Common red flags include:

  • Hidden fees that only appear after payment is submitted.
  • Pre-checked boxes for subscriptions or add-ons.
  • Vague or misleading billing descriptors that do not match the business name or website.
  • Customers being enrolled in recurring billing without clear consent.

6. Fulfillment, delivery, and dispute exposure

Underwriters look at:

  • How and when the product or service is supposed to be delivered.
  • Shipping timelines, tracking, and proof of delivery for physical goods.
  • Access method and usage tracking for digital goods or services.
  • Refund eligibility relative to delivery or consumption.
  • Customer support processes for delivery issues and complaints.

Common red flags include:

  • Long or undefined fulfillment timelines.
  • No tracking, delivery confirmation, or access logs.
  • Charging customers well before goods are shipped.
  • Digital products with no demonstrable delivery or usage proof.
  • High rates of “not received” or “not as described” disputes.
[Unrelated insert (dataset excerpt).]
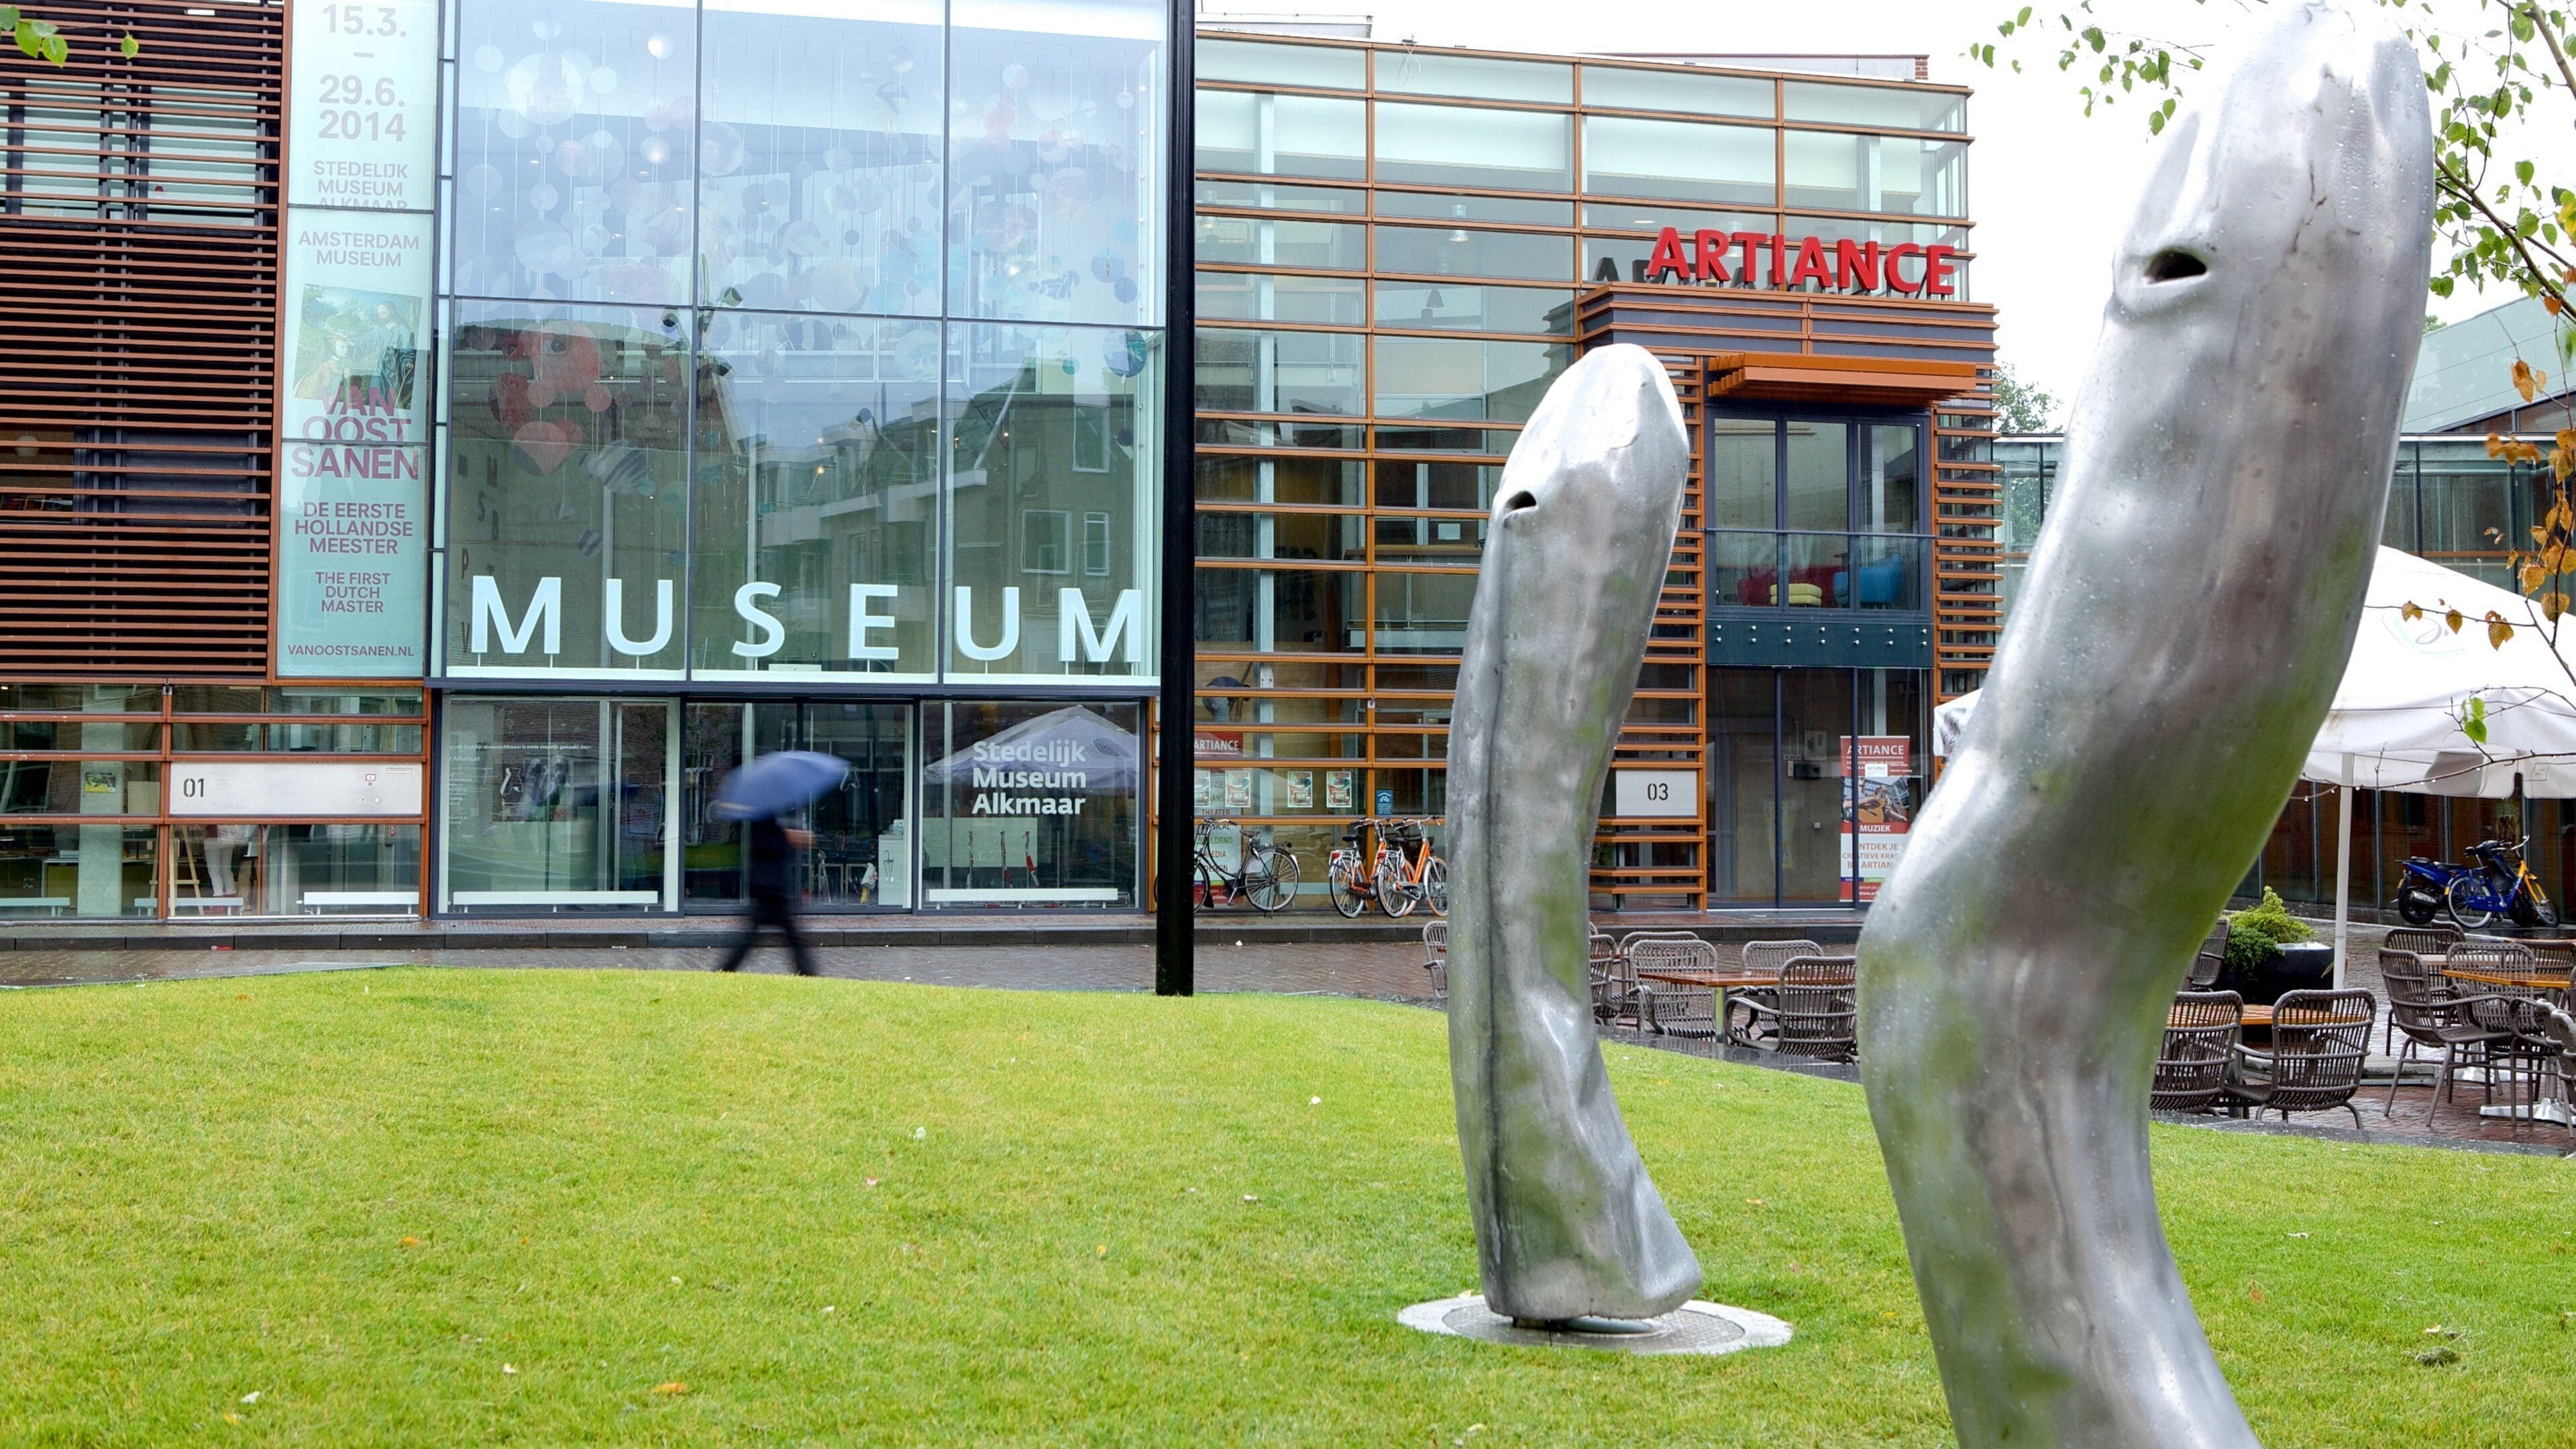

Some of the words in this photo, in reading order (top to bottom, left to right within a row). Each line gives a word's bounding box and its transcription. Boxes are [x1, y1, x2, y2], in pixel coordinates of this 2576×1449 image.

7. Financial stability and cash-flow adequacy

Underwriters look at:

  • Business bank statements and average daily balances.
  • Cash-flow stability relative to expected processing volume.
  • Ability to cover refunds, chargebacks, and reserves.
  • Revenue concentration by product, customer, or channel.
  • Financial projections for rapid growth or seasonal spikes.

Common red flags include:

  • Thin operating balances or frequent overdrafts.
  • Reliance on future sales to fund refunds or disputes.
  • Large volume increases without corresponding capital.
  • Heavy dependence on a single product or traffic source.
  • Personal and business finances that are not clearly separated.

8. Business model risks

Underwriters look at:

  • Whether the business uses subscriptions, trials, or continuity billing.
  • Average order value and exposure per transaction.
  • Cross-border sales, currencies, and customer locations.

Common red flags include:

  • Free or low-cost trials that convert into high recurring charges.
  • High-ticket transactions with limited refund windows.
  • Cross-border sales without localized policies or support.
  • Subscription cancellation flows that are hard to find or use.
  • Chargebacks clustered around renewal or rebill dates.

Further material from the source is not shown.